Matlock is home to some of the most beautiful, natural landscapes in Derbyshire. It’s also a town with an interesting history that dates back centuries.
I’ll be taking you on a tour through Matlock’s hydro past and how it shaped the town it is today!
How did Matlock start as a Hydrotherapy destination?
In the late 18th century, Sir Richard Arkwright’s experiments at Cromford provided factory jobs for many people from the area. But it wasn’t until the 1840s that Matock began its spectacular growth as an English spa town.
John Smedley was the first to establish Matlock as a Hydrotherapy destination. As well as Riber Castle he started building Smedley’s hydro in 1867 located halfway up Bank Road on Smedley St.
Later on in the 1860’s Mr Charles Rowland built Rockside Hydro further up right at the top of Bank Road. Boasting Tennis courts, Bowling and Croquet Lawns it was a huge success.
What is Hydrotherapy?
Hydrotherapy treatment involves soaking in warm water, drinking fresh mineral waters and taking cold showers. These were thought to have healing properties People traveled from far and wide to Matlock believing these treatments could help with an extensive range of ailments from gout to depression! The general idea was that water should be able to invade any cracks or imperfections in your skin. Water had a natural purifying effect when invading those areas and flushing out impurities which will rise up on the surface of your body as pus during what’s called an “crisis.” This crisis can happen through many different methods such as soaking for hours at a time, drinking large amounts of fluids over short periods of time. These included methods such as sweating, the plunging bath, the half bath and the head bath to name a few.

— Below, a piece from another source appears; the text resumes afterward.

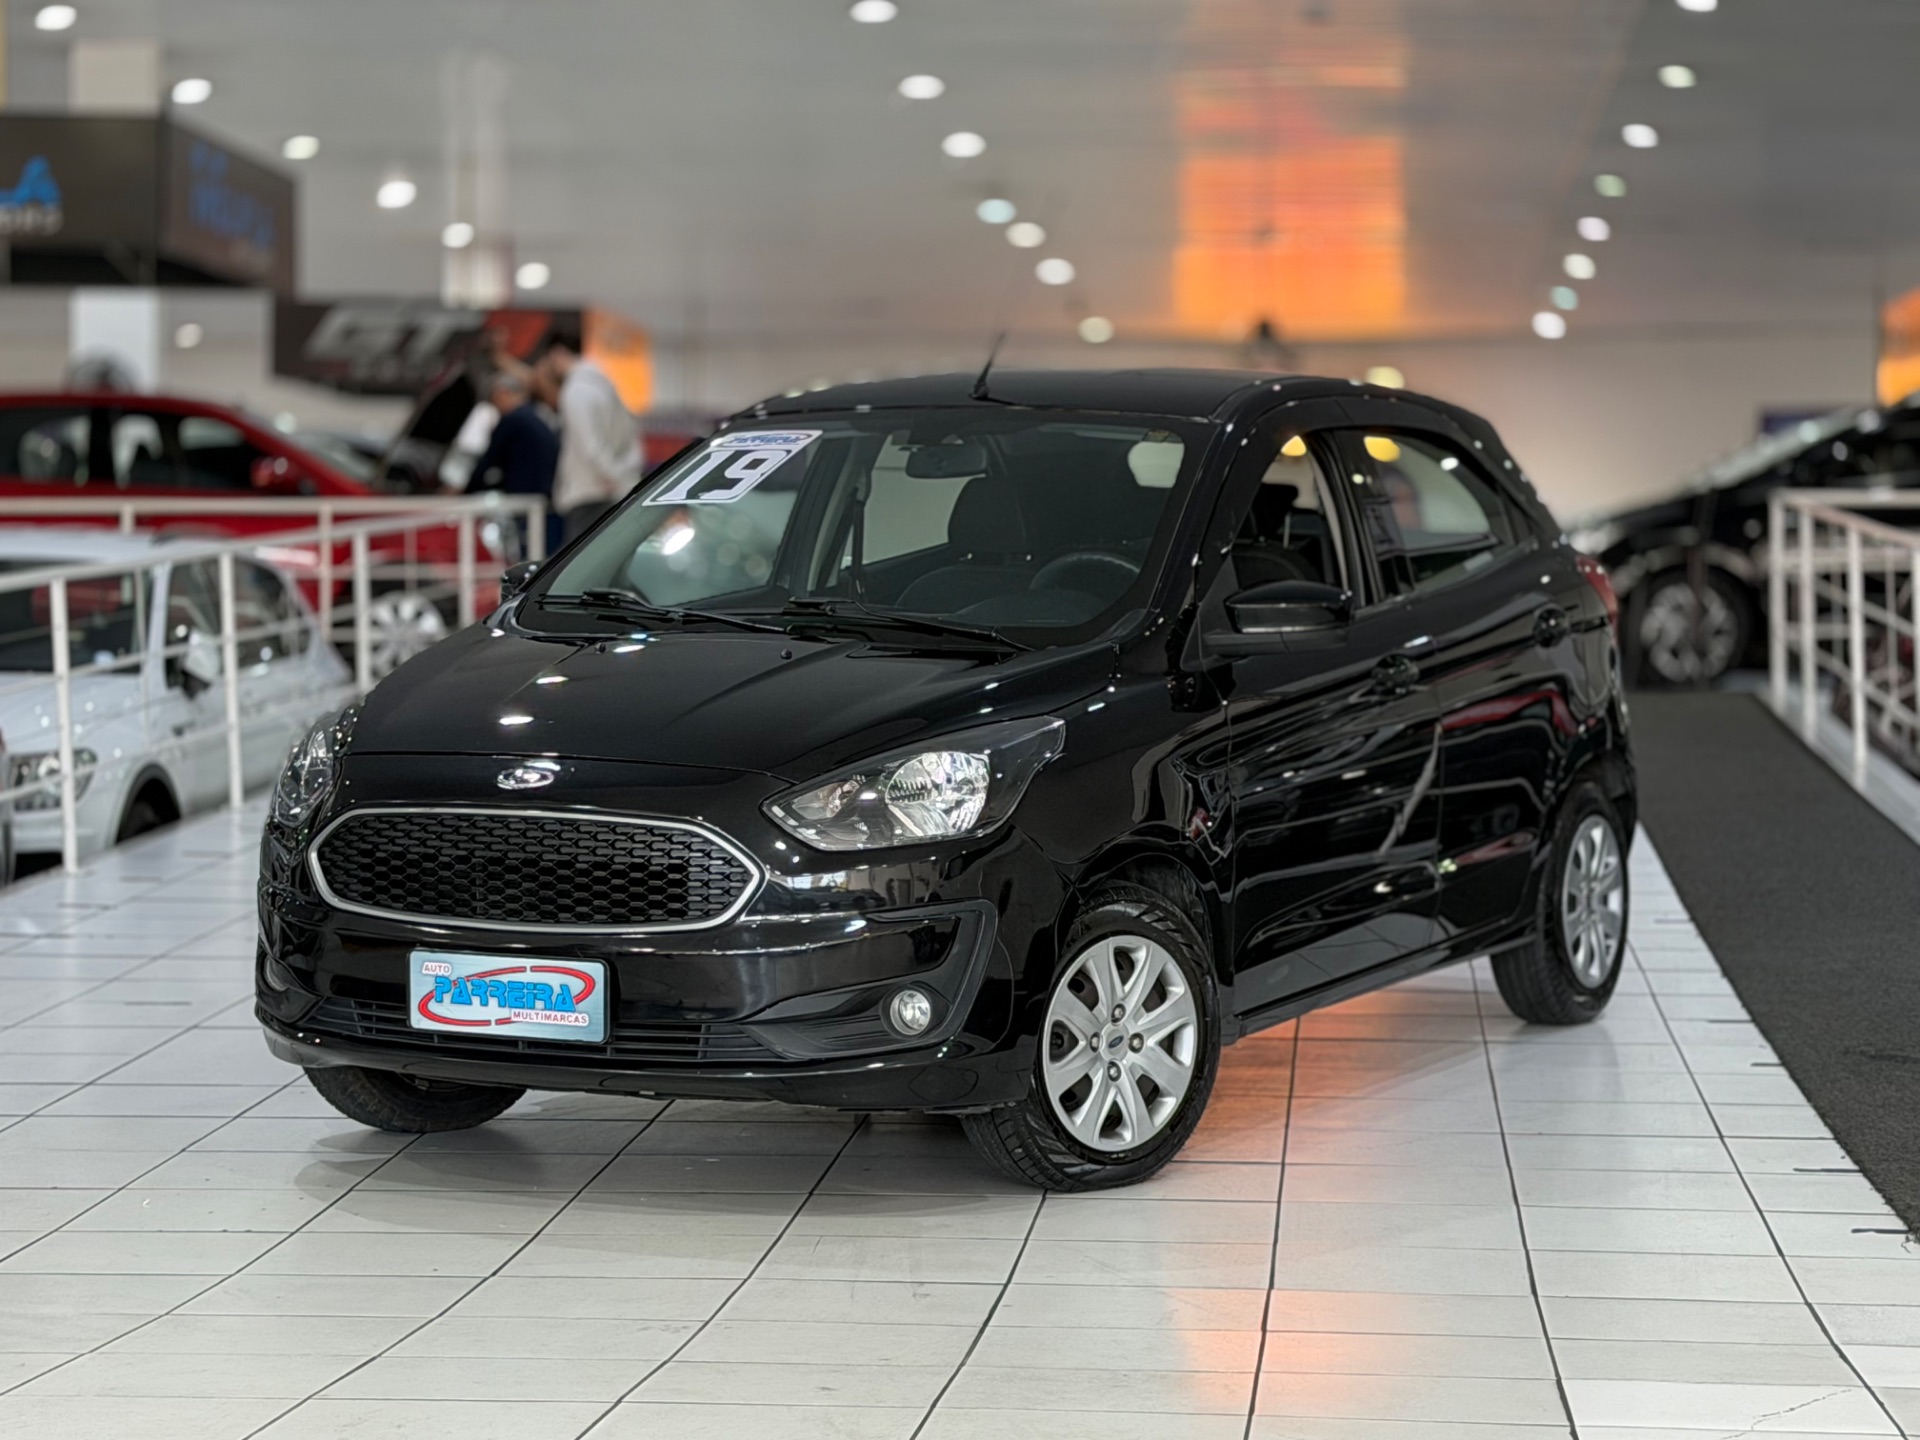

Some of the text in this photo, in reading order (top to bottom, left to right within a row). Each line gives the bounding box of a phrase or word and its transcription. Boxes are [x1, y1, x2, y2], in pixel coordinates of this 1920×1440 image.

[656, 450, 789, 501] 19
[423, 963, 450, 974] AUTO
[434, 976, 576, 1012] PARREIRA
[512, 1010, 588, 1024] MULTIMARCAS

The spas were revered for their healing properties. For example, Queen Victoria is said to have taken baths there every summer between 1848-1861
What was it like visiting Matlock’s spas over 100 years ago? In 1892, there was a long list of attractions including boating on Derwent river or climbing up to see the views from Monsal Head.

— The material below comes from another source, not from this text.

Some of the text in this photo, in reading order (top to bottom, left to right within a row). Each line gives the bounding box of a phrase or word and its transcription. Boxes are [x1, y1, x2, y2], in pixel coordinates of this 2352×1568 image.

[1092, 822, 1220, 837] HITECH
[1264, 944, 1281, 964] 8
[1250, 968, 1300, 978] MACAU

How did it affect Matlock?
At the time a cable tramway was built starting at the bottom of bank road and leading up the the top terminating just below Rockside Hydro. The depot was situated on Rutland Street and contained a boiler which pulled the cable, lifted the trams 300 feet up Bank Road. Fares used to be tuppence for going up and a pennie going down. The tram traveled at 5½ mph and due to the pulley system had the advantage of the tram going down balancing out the tram coming up, reducing the strain on the boiler. The old Tram stop can be seen preserved on Hawley’s park.
In 1900, hydrotherapy treatments began falling out of favor when it became clear that penicillin had become more effective during World War One Medical discoveries led to new ideas about what cures diseases.
What became of the spas today?
After a brief stint as a military intelligence center in the war Smedley’s Hydro closed down in the 1950’s. In 1955 it was pr chased was purchased by Derbyshire County Council and is now known as County Hall housing the administration of the municipality of Derbyshire.
Between the years of 1945-88 Rockside Hydro was occupied by a teacher training collage. Once it had shut down the building fell into disrepair until it was redeveloped in to the housing and apartments it is today.